Art by Cameron Gray |
Jurgen Schulze uses his Principle of Irony as a guide to metaphysical and cosmological truth. In general, he infers, there must be a self-negating deity to maximize irony and tragedy in the universe, “to cast everyone into the spiritual wilderness and thus to thrust a fully-charged existential quandary upon each reflective soul” (18b). The Truth must be “universally bewildering,” as Schulze once told me. Indeed, contrary to utilitarianism, which speaks of the obligation to maximize happiness, Schulze contends that enlightened individuals should discern how reality maximizes irony, establishing a gulf between natural facts and our intuitions and preferences.

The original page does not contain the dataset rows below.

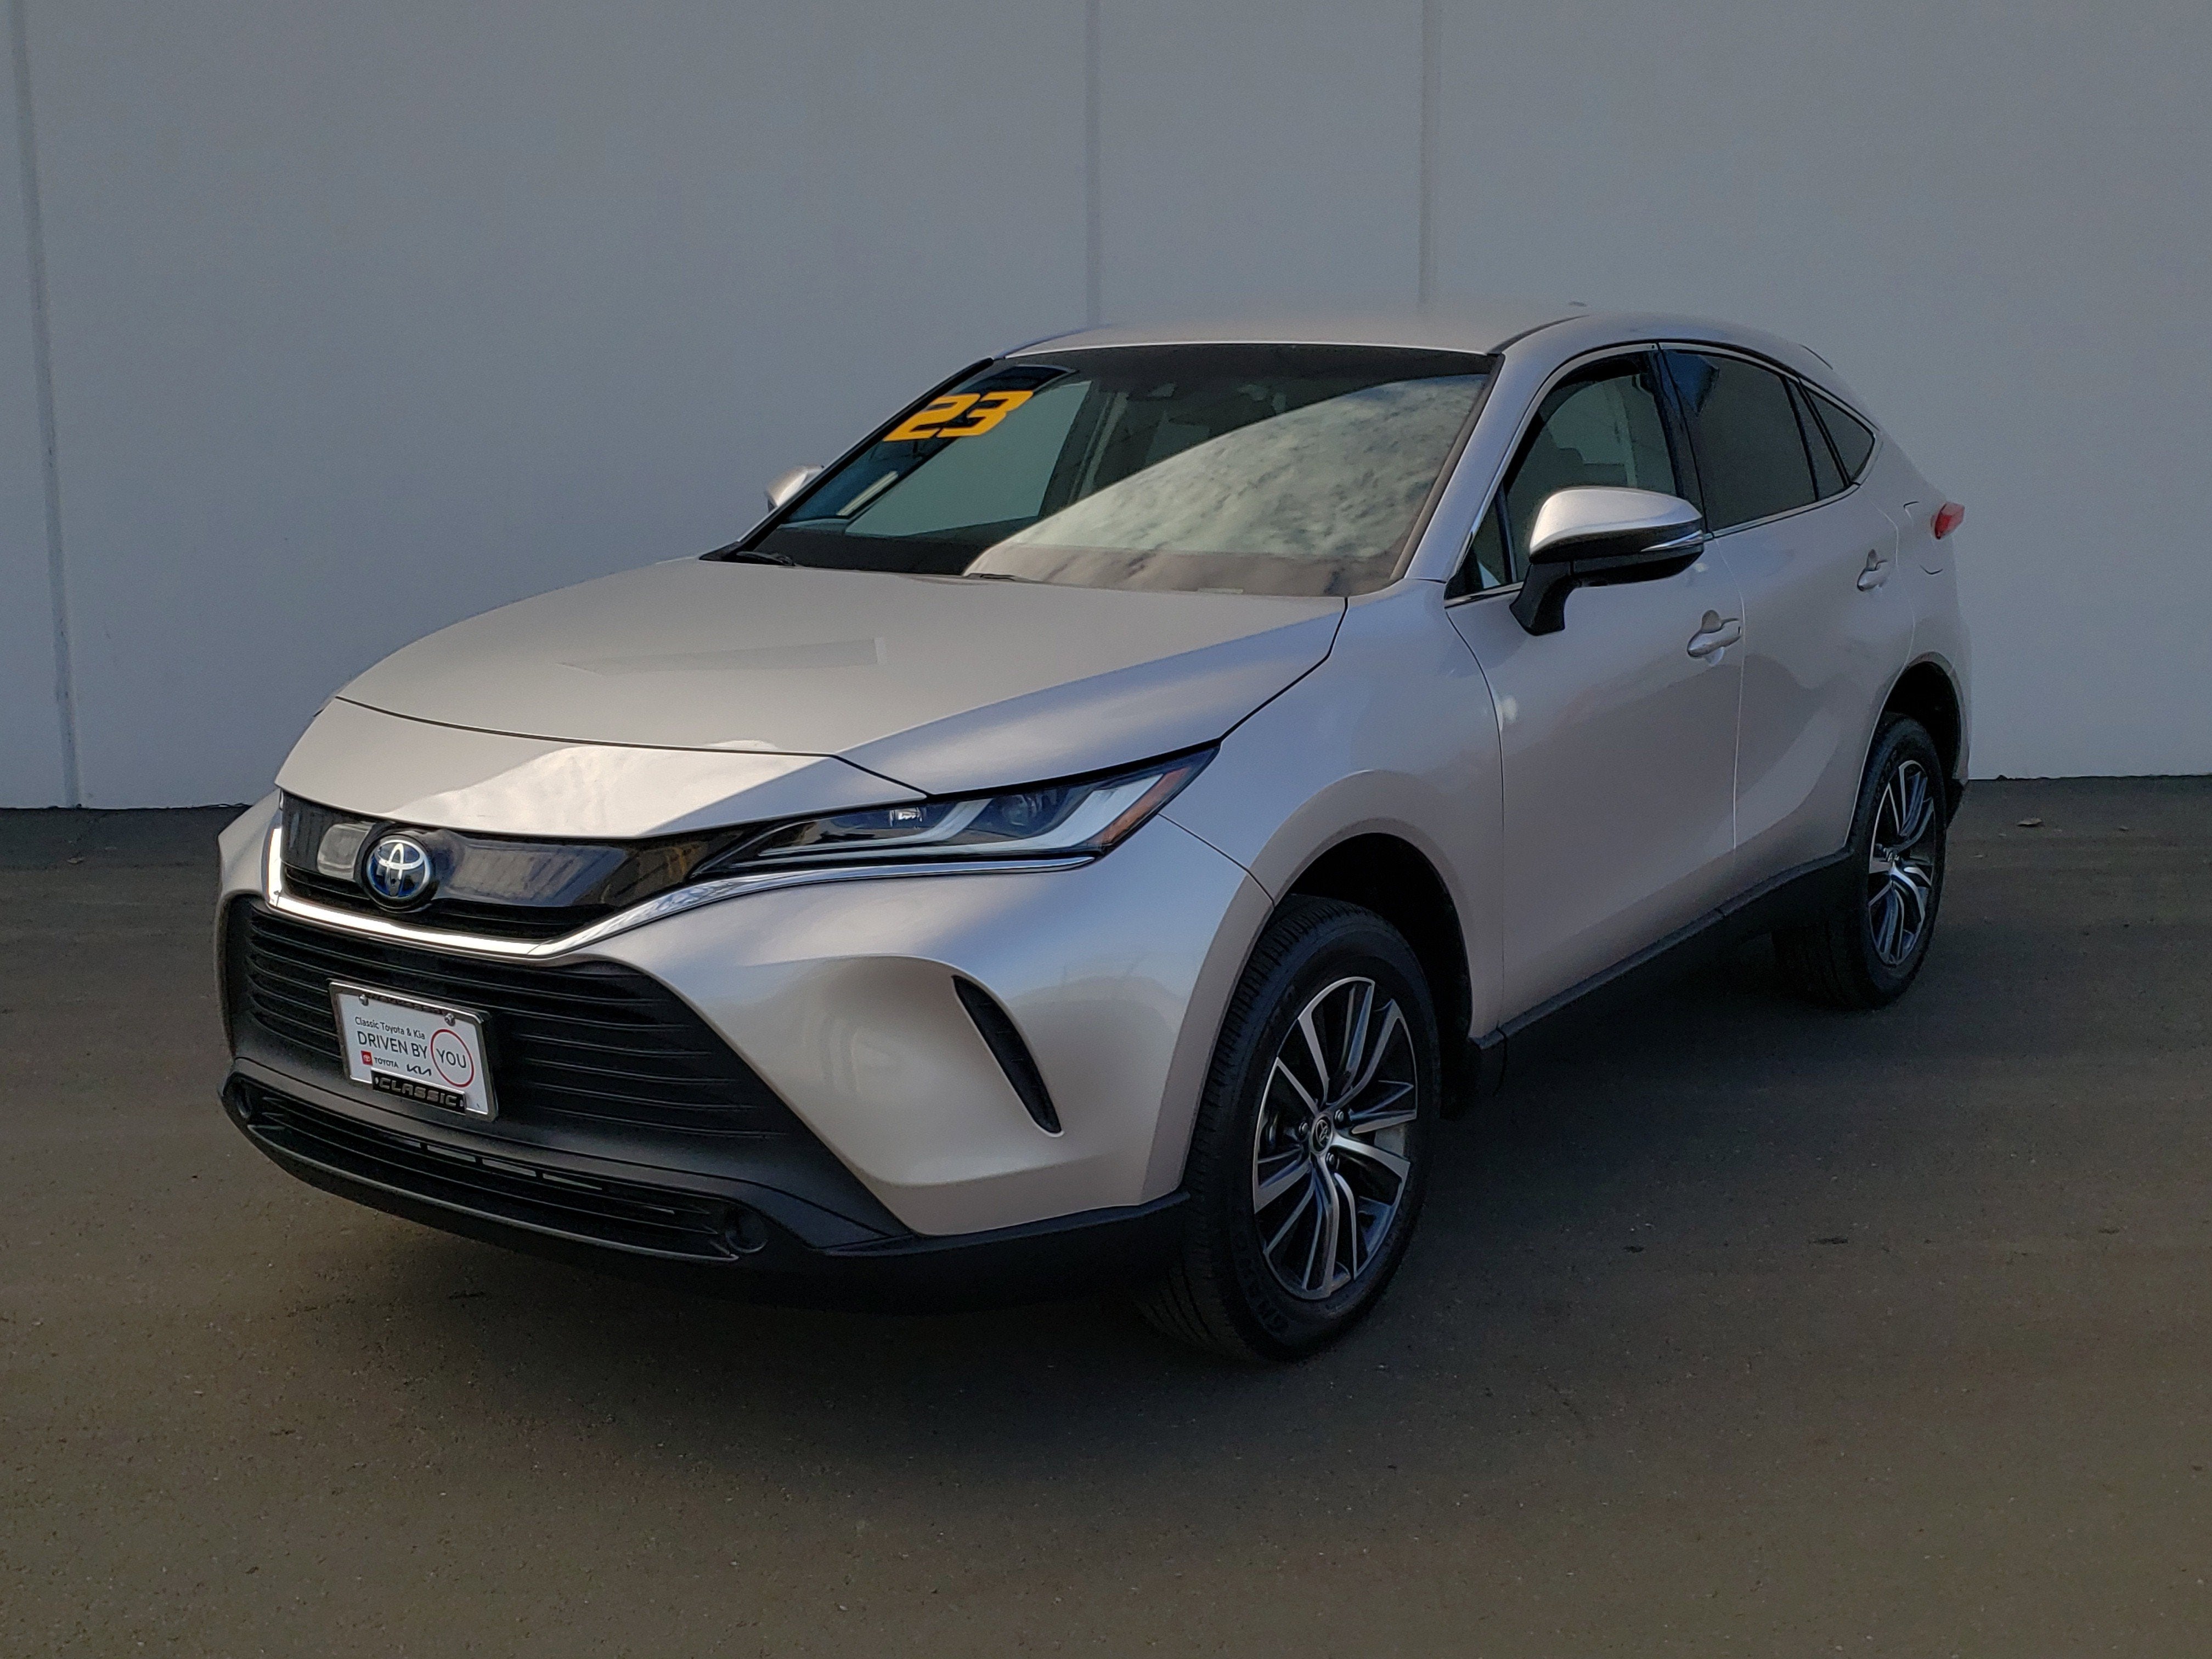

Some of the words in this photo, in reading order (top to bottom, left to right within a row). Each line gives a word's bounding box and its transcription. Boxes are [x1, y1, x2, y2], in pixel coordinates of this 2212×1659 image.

[883, 390, 1034, 442] 23
[354, 1016, 379, 1030] Classic
[380, 1022, 405, 1035] Toyota
[407, 1028, 411, 1036] &
[413, 1029, 426, 1040] Kia
[357, 1030, 408, 1056] DRIVEN
[411, 1042, 428, 1059] BY
[436, 1047, 467, 1069] YOU
[374, 1057, 399, 1069] TOYOTA
[379, 1076, 458, 1108] CLASSIC

Schulze seems to have reflected for long hours on the nature of religion, but his thoughts on that subject derive once again from a single principle, which is that all religious discourse is anthropocentric with respect not just to that discourse’s origin or cause, but to its reference. All religious statements derive from human primates, not from any extraterrestrial source; more surprisingly—especially since he posits a cosmic deity, in the name of Irony—Schulze says that all such statements have as their inner meaning some bearing purely on what has been happening in our history. The world’s major religions speak of gods, supernatural realms, and of experience that transcends the five senses. Taken superficially, literally, and exoterically, then, religious creeds point far beyond our sociopolitics and dominance hierarchies, our class divisions and relations to our environment and to other animal species. But for Schulze, every major religious utterance ought to be interpreted as metaphorical and, more specifically, as reflecting back on how we distinguish ourselves in nature.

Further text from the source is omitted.